Communities appeared around Linux, ported GNU tools, and other Unix commands to run on Linux. In 1992, developers ported the X Window System, giving Linux its first graphical user interface. The result is what most people think of when we say “Linux” Linux is actually just the core that drives everything.
While proprietary Unix systems still exist, most Unix systems are Linux. At least on web servers, Linux dominates. Linux is also common for many workloads for businesses, including application servers and database servers. It is difficult to calculate exactly how many Linux servers run things, but many estimates suggest that Linux runs more than two-thirds of web servers and other Internet infrastructure. Microsoft also supports Linux; The Azure platform runs Linux, as does the Windows Subsystem for Linux on Windows computers.
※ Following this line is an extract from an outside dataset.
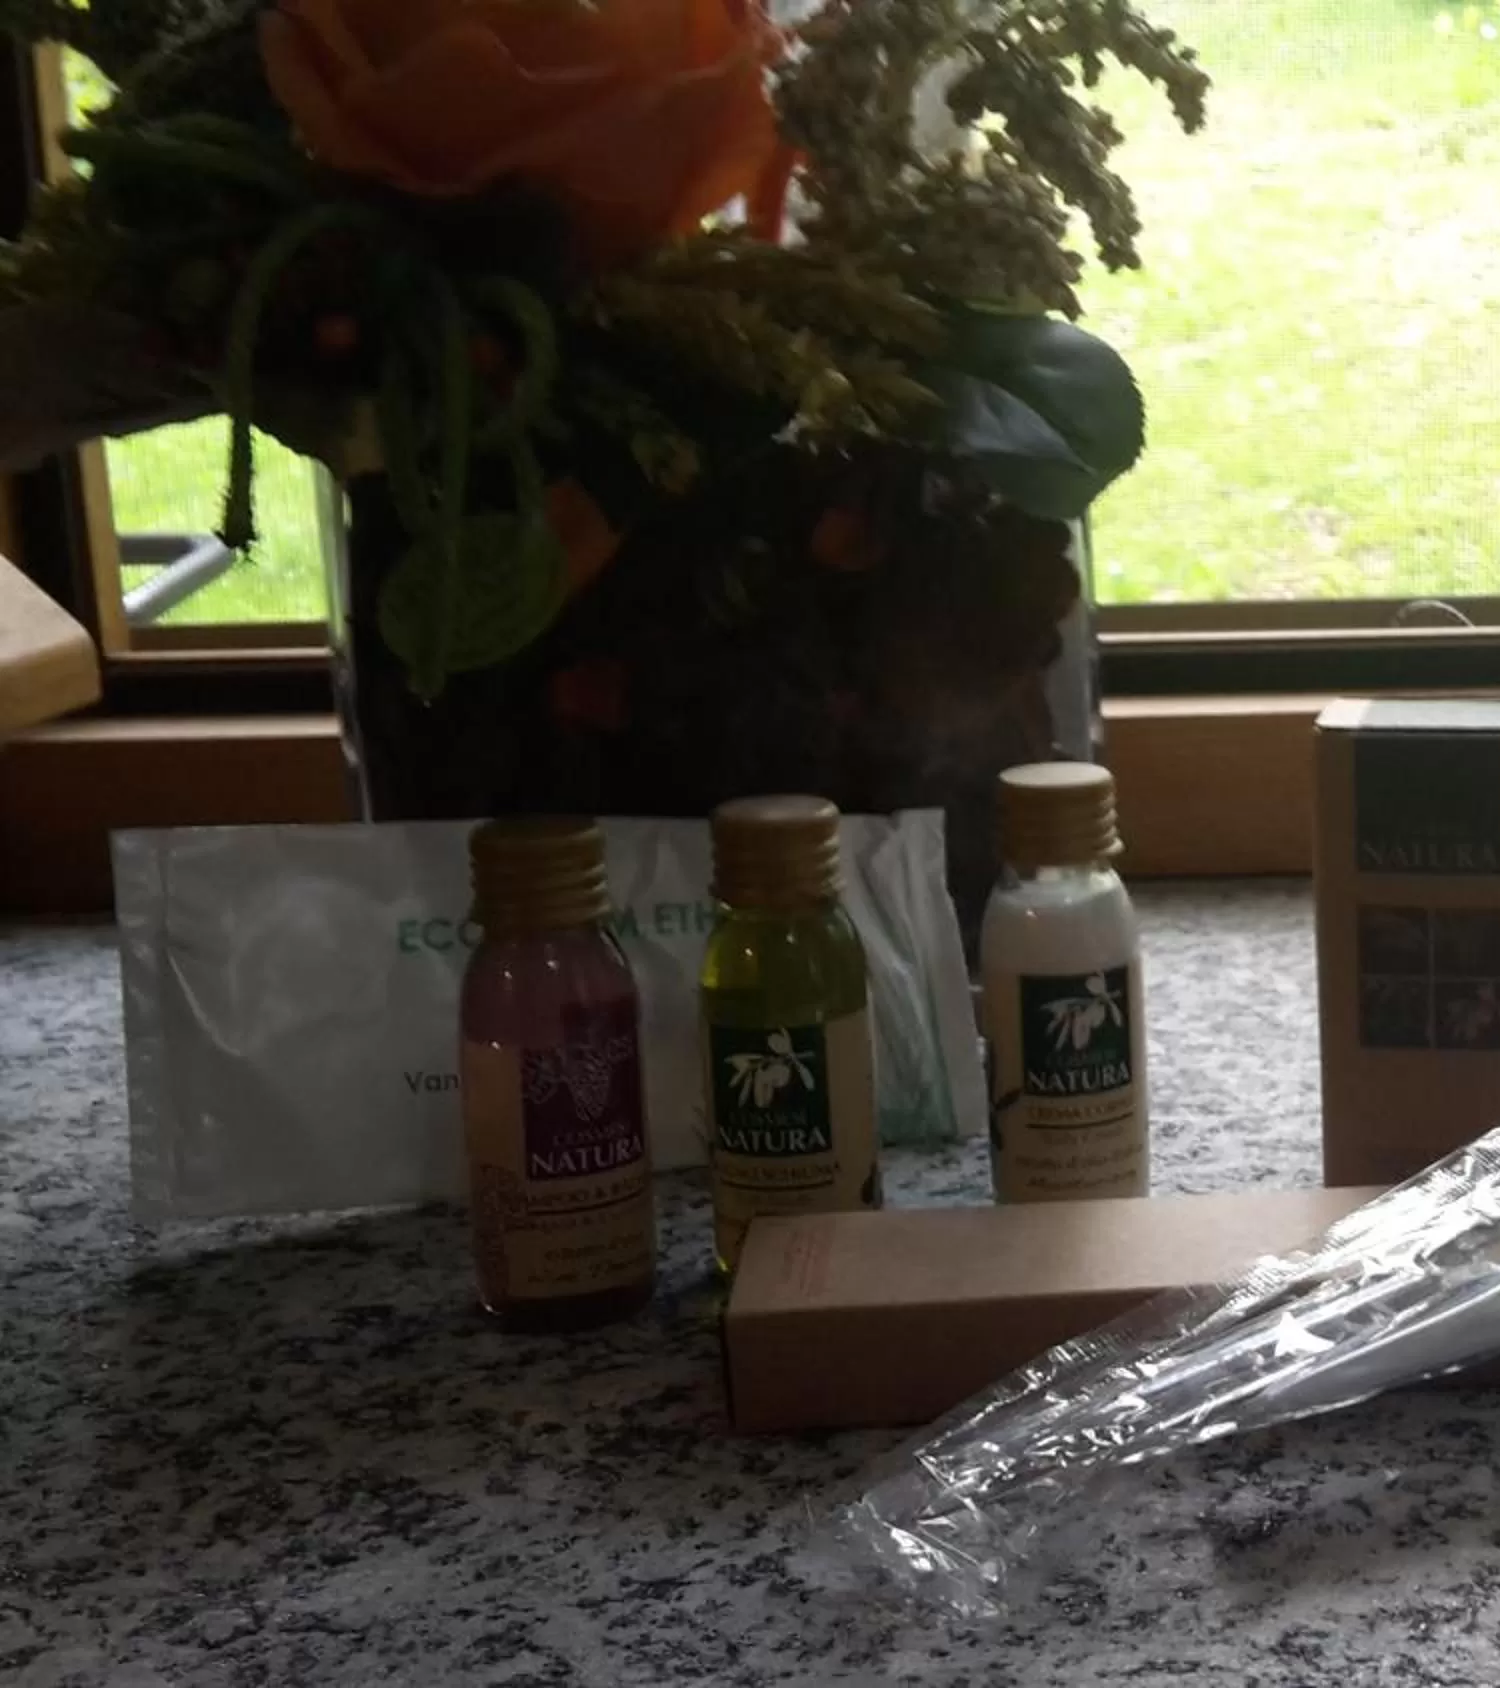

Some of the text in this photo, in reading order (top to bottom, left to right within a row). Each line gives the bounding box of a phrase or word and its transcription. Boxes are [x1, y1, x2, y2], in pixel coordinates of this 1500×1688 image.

[1028, 1061, 1130, 1094] NATURA
[530, 1134, 643, 1176] NATURA
[716, 1124, 829, 1153] NATURA
On the desktop, Linux never gained a significant foothold. An ongoing gag in the Linux community is “Next year it will be Year for Linux Desktop. “But Windows rules at the top of the desktop. However, if you’re looking for Unix on your desktop, you might want to consider Apple’s macOS. In 1996, as part of Steve Jobs’ return to Apple as CEO, Apple bought NeXT and used NeXT as the basis for next-generation operating systems on new Macs. MacOS is truly Unix under the hood; open a terminal window and you can find a Unix shell using the standard Unix tools. In fact, macOS is an official Unix, recognized by Open Group.
Where is Unix heading next? I’m not sure if “Unix” is the right label anymore. At a time when Linux systems are much more than Unix servers, we may have passed the point where “Unix” is very important. It is no longer about “Unix as a platform” but about “Linux as a platform.” And just as Unix grew beyond its original design and added new features where needed, Linux continues to evolve to meet new needs. At least for the foreseeable future, it’s about “Linux” not “Unix.”